Ignoring her half-hearted protests and "no, it's fine"'s, he led her out of the ballroom, down the hall of the Ministry, and back to the fireplaces. Soon, they were back at the Three Broomsticks and he was leading her back up the stairs.

"Where are we going now?" she asked.

"Room four," said Ron. "Final stage of the evening, I knew you wouldn't last at that party after you got your hands on that book."

Hermione blushed and looked at her feet. "Am I really that predictable?"

"No," he said affectionately, "I'm just the world's foremost expert on Hermione Granger. I'm actually a good student when the subject is interesting."

It wasn't the first time he had made that joke, but she still laughed and felt a warmth in her chest all the same.

Ron opened the door to Room Four, and Hermione started to feel downright spoiled.

The room was lit by a gentle, yellow light, just bright enough to read by, and a harp sat in the corner, magically playing a soft melody. There was a sofa at one end of the room with several throw pillows, and an armchair with a footrest next to it. Ron knew that she could never sit in one position for very long while she read without getting restless.

"You are really outdoing yourself right now, Ron Weasley," Hermione teased as she crossed the room and sat on the couch.

"I'm really glad you've had fun today," Ron told her honestly. "I'll get out of your hair and leave you to your swotting."

"What? No!" said Hermione, alarmed. "Ron, above everything else, I want to spend today with you. We barely get any weekends together. You don't have to go—"

"Love, it's fine, really," Ron chuckled, putting a hand on her shoulder. "My ego's been inflated enough already from so thoroughly winning this Valentine's Day. Besides, you'll forget all about me once you get to the chapter about the school's role in the War of the Roses. Quartermaine seems to think that Henry VI was a squib."

"I knew there were signs!" Hermione squealed excitedly, opening her book with force. Then, she paused and looked back at him.

"Wait, how do you know what's in it? Did Mr. Quartermaine give you details?"

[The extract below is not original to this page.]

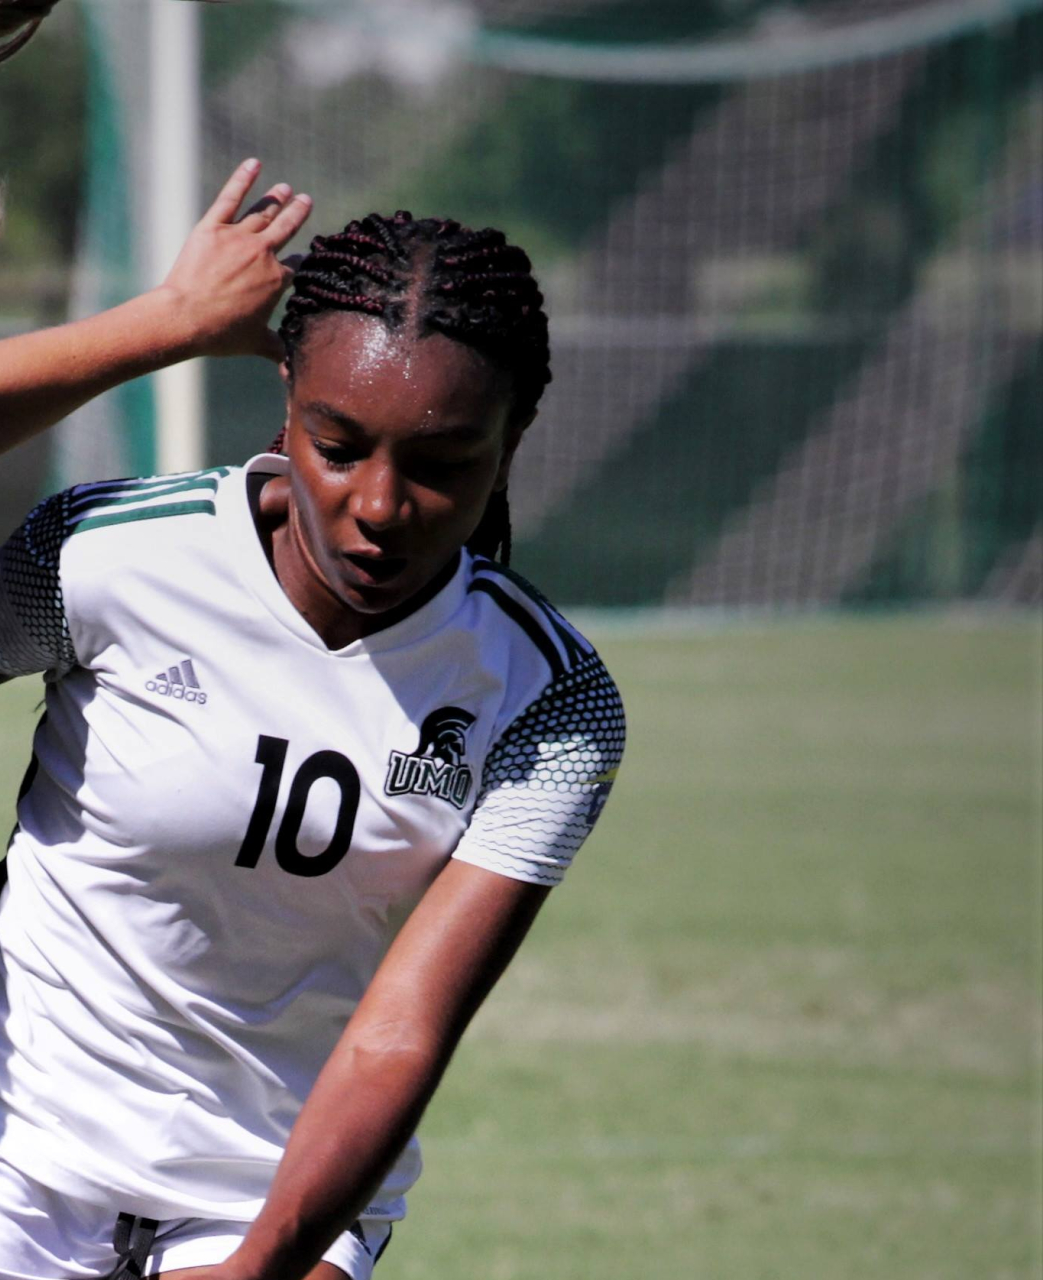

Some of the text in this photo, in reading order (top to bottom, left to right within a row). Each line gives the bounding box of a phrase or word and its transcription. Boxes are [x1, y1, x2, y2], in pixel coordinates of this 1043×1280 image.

"What?" asked Ron. He shrugged. "No, I just read it. Anyway, I think that will be your favorite part—"

"Wait, Wait!" Hermione put her hand up, looking dumbfounded. "You read it? You read it? You read it? The whole thing?"

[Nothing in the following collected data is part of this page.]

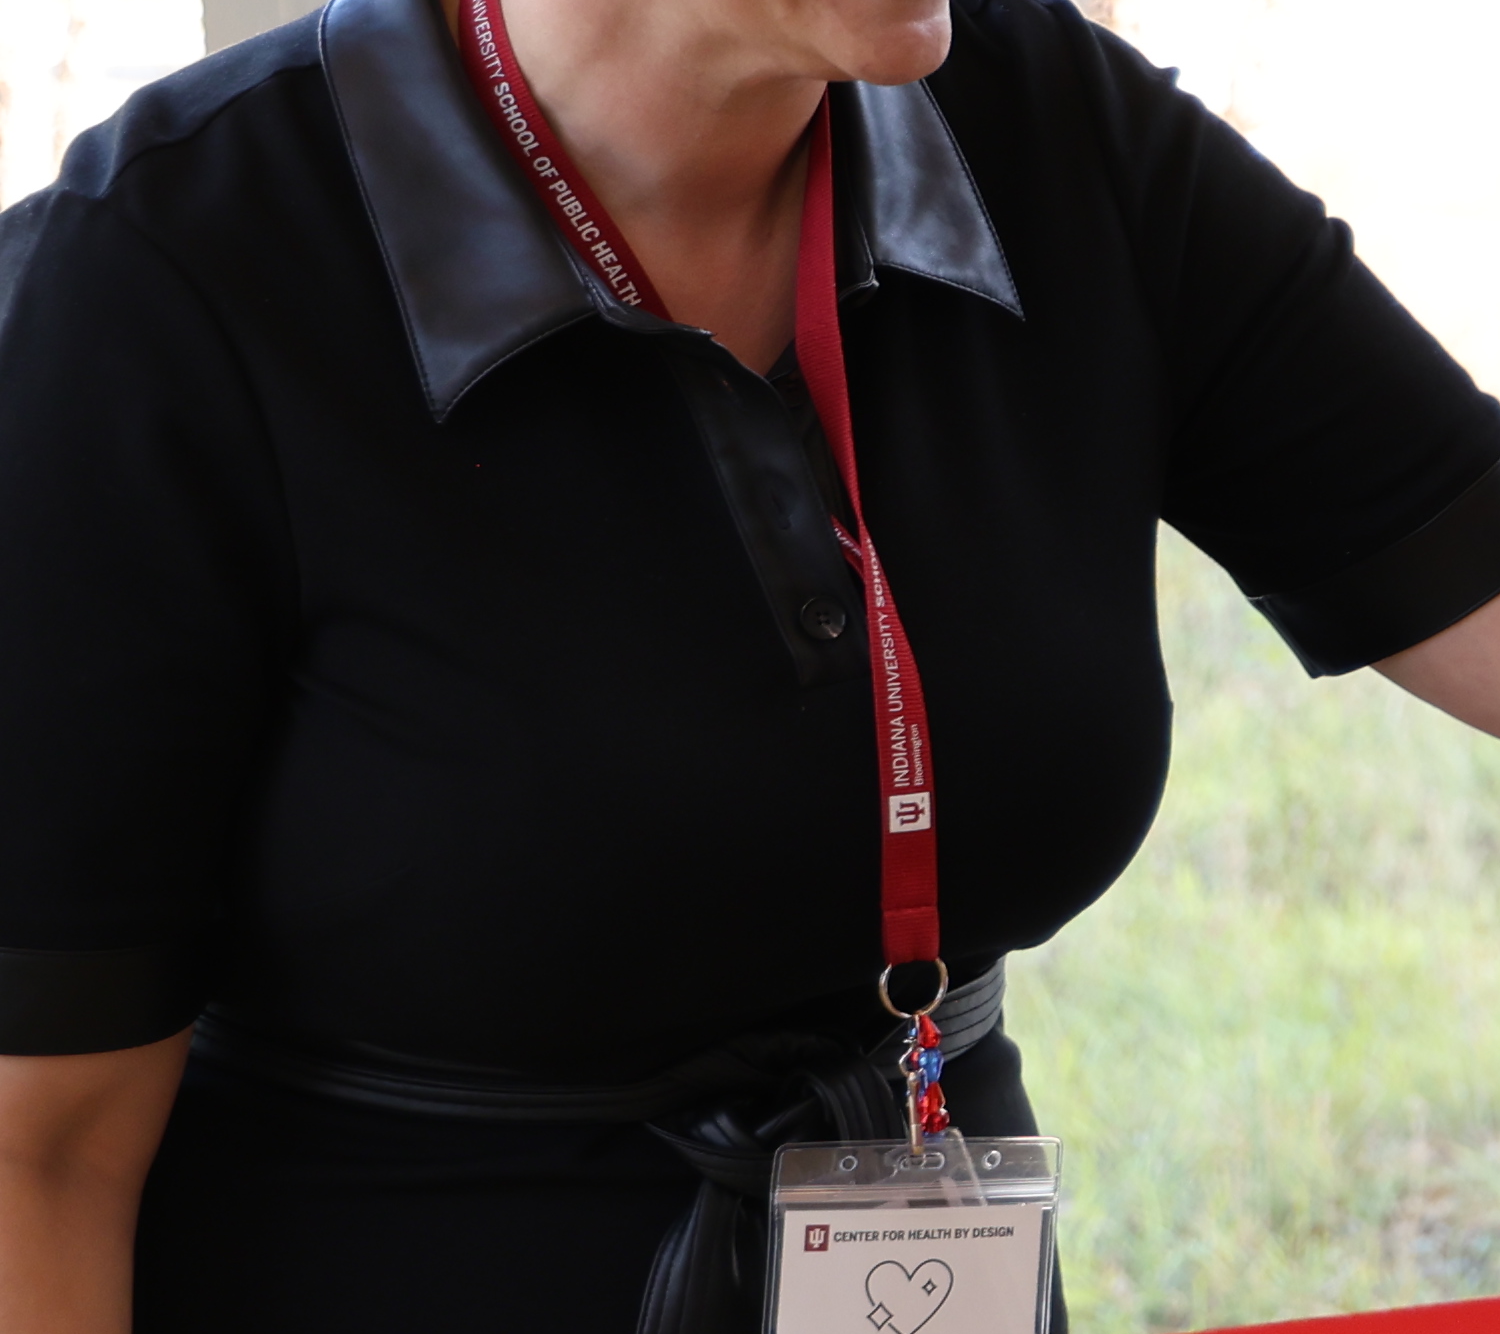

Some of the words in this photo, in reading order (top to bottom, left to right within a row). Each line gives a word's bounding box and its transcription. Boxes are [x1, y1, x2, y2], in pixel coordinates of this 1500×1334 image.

[494, 82, 541, 157] SCHOOL
[533, 155, 558, 178] OF
[549, 180, 600, 243] PUBLIC
[591, 240, 643, 307] HEALTH
[877, 611, 904, 713] UNIVERSITY
[889, 715, 911, 788] INDIANA
[910, 723, 924, 787] Bloomington
[833, 1230, 879, 1243] CENTER
[882, 1229, 905, 1242] FOR
[907, 1228, 951, 1241] HEALTH
[954, 1227, 970, 1239] BY
[972, 1226, 1015, 1238] DESIGN

"Er….yeah?" Ron said, confused. Was she upset he got to read it before she did? It wasn't like a book changed when you weren't the first one to read it. "And I think it will be one of your favorite chapters. I also think you'll like the chapter on the connection between the school and Stonehenge—"

"I'm sorry, but just to be clear," Hermione interrupted him, "You, Ronald Weasley, read a history book, from cover to cover, voluntarily, that you weren't required to by school or work?"

She looked down at her book, then back up to his face, like she was trying to solve a puzzle. "Why?"

"Well bloody hell, I don't know!" he practically shouted, throwing his hands in the air. He was growing more and more frustrated, this wasn't how he pictured the last stage of their date going. Why couldn't she just be impressed by what a great boyfriend he was instead of interrogating him about reading a damn book?

Ron scratched his head, thinking of his answer. "I guess I knew you'd love it, so I read it so we could talk about it. I figured you'll be bending my ear with every new page anyway, I might as well be able to understand what the hell you're saying—"

A loud bang behind him made Ron spin around. The door to the room had slammed shut of its own accord. He turned back around towards his girlfriend and was struck dumb by what he saw. She was pointing her wand at the door, having wordlessly closed it, and was looking at him with a smouldering fire in her eyes.

She spoke in a low, commanding tone that brokered no debate.

"Take off. Your clothes."

Ron gulped loudly as he quickly moved to comply. He was suddenly quite sure that he wouldn't be winning Valentine's Day after all.


Well this story has mutated from a quick series of short vignettes leading up to Valentine's Day of this year, with the chapters getting longer and longer until this last one is well long enough to be a story on its own, and I'm finishing it now, in freakin' June. Feels good to see it completed.